WHAT IS BEING ASKED:
Could you please repeat all of the entries exactly as written?

□ □ □

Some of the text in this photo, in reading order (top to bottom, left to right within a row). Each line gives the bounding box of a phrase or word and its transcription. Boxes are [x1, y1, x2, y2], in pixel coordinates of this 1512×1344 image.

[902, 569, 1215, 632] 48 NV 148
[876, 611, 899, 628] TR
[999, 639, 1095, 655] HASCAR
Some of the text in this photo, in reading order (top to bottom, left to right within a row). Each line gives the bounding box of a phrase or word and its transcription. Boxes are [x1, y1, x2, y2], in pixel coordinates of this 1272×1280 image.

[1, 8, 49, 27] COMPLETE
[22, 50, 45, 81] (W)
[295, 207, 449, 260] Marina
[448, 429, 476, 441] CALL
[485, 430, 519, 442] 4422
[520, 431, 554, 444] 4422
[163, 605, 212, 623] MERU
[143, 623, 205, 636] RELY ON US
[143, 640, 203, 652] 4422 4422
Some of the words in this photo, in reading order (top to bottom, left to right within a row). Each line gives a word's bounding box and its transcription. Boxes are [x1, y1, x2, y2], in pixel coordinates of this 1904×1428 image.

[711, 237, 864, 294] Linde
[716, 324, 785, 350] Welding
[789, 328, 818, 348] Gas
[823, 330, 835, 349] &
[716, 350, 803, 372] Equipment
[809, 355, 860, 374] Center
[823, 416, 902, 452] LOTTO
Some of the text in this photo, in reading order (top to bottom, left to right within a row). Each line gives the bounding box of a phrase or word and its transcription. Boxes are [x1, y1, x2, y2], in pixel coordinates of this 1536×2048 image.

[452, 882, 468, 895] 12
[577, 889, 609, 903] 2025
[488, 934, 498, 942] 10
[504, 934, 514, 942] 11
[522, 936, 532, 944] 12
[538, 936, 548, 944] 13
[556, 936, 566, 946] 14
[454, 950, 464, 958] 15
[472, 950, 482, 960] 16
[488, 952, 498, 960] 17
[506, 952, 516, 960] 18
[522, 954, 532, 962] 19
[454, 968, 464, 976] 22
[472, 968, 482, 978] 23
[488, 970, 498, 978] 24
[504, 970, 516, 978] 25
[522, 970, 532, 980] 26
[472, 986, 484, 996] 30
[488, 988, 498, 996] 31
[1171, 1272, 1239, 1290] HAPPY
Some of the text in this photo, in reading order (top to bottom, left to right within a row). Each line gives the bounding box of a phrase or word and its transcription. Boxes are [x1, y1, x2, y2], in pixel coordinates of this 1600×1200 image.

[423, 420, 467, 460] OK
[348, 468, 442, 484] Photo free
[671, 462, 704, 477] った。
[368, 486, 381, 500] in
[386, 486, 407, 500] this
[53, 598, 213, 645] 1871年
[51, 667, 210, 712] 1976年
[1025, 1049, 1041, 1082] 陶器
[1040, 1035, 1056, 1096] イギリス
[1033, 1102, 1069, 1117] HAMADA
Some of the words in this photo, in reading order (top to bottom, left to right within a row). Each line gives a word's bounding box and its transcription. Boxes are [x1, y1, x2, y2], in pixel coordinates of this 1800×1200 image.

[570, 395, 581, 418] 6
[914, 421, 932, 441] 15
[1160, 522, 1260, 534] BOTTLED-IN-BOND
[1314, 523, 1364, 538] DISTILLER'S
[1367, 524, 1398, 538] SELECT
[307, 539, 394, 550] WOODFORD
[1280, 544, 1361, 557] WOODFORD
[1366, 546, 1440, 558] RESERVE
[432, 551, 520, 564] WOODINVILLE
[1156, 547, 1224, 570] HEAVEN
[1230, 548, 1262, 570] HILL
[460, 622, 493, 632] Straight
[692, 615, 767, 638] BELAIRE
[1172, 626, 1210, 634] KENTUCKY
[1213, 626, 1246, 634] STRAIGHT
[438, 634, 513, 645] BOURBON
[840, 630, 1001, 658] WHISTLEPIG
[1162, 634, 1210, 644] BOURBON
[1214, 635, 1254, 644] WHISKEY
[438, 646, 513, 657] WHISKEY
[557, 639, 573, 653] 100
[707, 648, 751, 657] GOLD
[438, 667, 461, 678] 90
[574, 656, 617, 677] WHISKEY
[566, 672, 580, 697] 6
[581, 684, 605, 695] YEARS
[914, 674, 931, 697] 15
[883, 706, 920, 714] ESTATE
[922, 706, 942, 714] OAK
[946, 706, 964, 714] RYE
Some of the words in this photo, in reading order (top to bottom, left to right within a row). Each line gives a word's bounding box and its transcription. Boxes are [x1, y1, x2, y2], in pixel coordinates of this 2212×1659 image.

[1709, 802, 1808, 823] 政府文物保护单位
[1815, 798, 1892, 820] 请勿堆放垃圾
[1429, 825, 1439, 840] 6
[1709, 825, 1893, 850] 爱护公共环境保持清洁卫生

□ □ □

ANSWER AREA:
Some of the text in this photo, in reading order (top to bottom, left to right within a row). Each line gives the bounding box of a phrase or word and its transcription. Boxes are [x1, y1, x2, y2], in pixel coordinates of this 1512×1344 image.

[902, 569, 1215, 632] 48 NV 148
[876, 611, 899, 628] TR
[999, 639, 1095, 655] HASCAR
Some of the text in this photo, in reading order (top to bottom, left to right within a row). Each line gives the bounding box of a phrase or word and its transcription. Boxes are [x1, y1, x2, y2], in pixel coordinates of this 1272×1280 image.

[1, 8, 49, 27] COMPLETE
[22, 50, 45, 81] (W)
[295, 207, 449, 260] Marina
[448, 429, 476, 441] CALL
[485, 430, 519, 442] 4422
[520, 431, 554, 444] 4422
[163, 605, 212, 623] MERU
[143, 623, 205, 636] RELY ON US
[143, 640, 203, 652] 4422 4422
Some of the words in this photo, in reading order (top to bottom, left to right within a row). Each line gives a word's bounding box and its transcription. Boxes are [x1, y1, x2, y2], in pixel coordinates of this 1904×1428 image.

[711, 237, 864, 294] Linde
[716, 324, 785, 350] Welding
[789, 328, 818, 348] Gas
[823, 330, 835, 349] &
[716, 350, 803, 372] Equipment
[809, 355, 860, 374] Center
[823, 416, 902, 452] LOTTO
Some of the text in this photo, in reading order (top to bottom, left to right within a row). Each line gives the bounding box of a phrase or word and its transcription. Boxes are [x1, y1, x2, y2], in pixel coordinates of this 1536×2048 image.

[452, 882, 468, 895] 12
[577, 889, 609, 903] 2025
[488, 934, 498, 942] 10
[504, 934, 514, 942] 11
[522, 936, 532, 944] 12
[538, 936, 548, 944] 13
[556, 936, 566, 946] 14
[454, 950, 464, 958] 15
[472, 950, 482, 960] 16
[488, 952, 498, 960] 17
[506, 952, 516, 960] 18
[522, 954, 532, 962] 19
[454, 968, 464, 976] 22
[472, 968, 482, 978] 23
[488, 970, 498, 978] 24
[504, 970, 516, 978] 25
[522, 970, 532, 980] 26
[472, 986, 484, 996] 30
[488, 988, 498, 996] 31
[1171, 1272, 1239, 1290] HAPPY
Some of the text in this photo, in reading order (top to bottom, left to right within a row). Each line gives the bounding box of a phrase or word and its transcription. Boxes are [x1, y1, x2, y2], in pixel coordinates of this 1600×1200 image.

[423, 420, 467, 460] OK
[348, 468, 442, 484] Photo free
[671, 462, 704, 477] った。
[368, 486, 381, 500] in
[386, 486, 407, 500] this
[53, 598, 213, 645] 1871年
[51, 667, 210, 712] 1976年
[1025, 1049, 1041, 1082] 陶器
[1040, 1035, 1056, 1096] イギリス
[1033, 1102, 1069, 1117] HAMADA
Some of the words in this photo, in reading order (top to bottom, left to right within a row). Each line gives a word's bounding box and its transcription. Boxes are [x1, y1, x2, y2], in pixel coordinates of this 1800×1200 image.

[570, 395, 581, 418] 6
[914, 421, 932, 441] 15
[1160, 522, 1260, 534] BOTTLED-IN-BOND
[1314, 523, 1364, 538] DISTILLER'S
[1367, 524, 1398, 538] SELECT
[307, 539, 394, 550] WOODFORD
[1280, 544, 1361, 557] WOODFORD
[1366, 546, 1440, 558] RESERVE
[432, 551, 520, 564] WOODINVILLE
[1156, 547, 1224, 570] HEAVEN
[1230, 548, 1262, 570] HILL
[460, 622, 493, 632] Straight
[692, 615, 767, 638] BELAIRE
[1172, 626, 1210, 634] KENTUCKY
[1213, 626, 1246, 634] STRAIGHT
[438, 634, 513, 645] BOURBON
[840, 630, 1001, 658] WHISTLEPIG
[1162, 634, 1210, 644] BOURBON
[1214, 635, 1254, 644] WHISKEY
[438, 646, 513, 657] WHISKEY
[557, 639, 573, 653] 100
[707, 648, 751, 657] GOLD
[438, 667, 461, 678] 90
[574, 656, 617, 677] WHISKEY
[566, 672, 580, 697] 6
[581, 684, 605, 695] YEARS
[914, 674, 931, 697] 15
[883, 706, 920, 714] ESTATE
[922, 706, 942, 714] OAK
[946, 706, 964, 714] RYE
Some of the words in this photo, in reading order (top to bottom, left to right within a row). Each line gives a word's bounding box and its transcription. Boxes are [x1, y1, x2, y2], in pixel coordinates of this 2212×1659 image.

[1709, 802, 1808, 823] 政府文物保护单位
[1815, 798, 1892, 820] 请勿堆放垃圾
[1429, 825, 1439, 840] 6
[1709, 825, 1893, 850] 爱护公共环境保持清洁卫生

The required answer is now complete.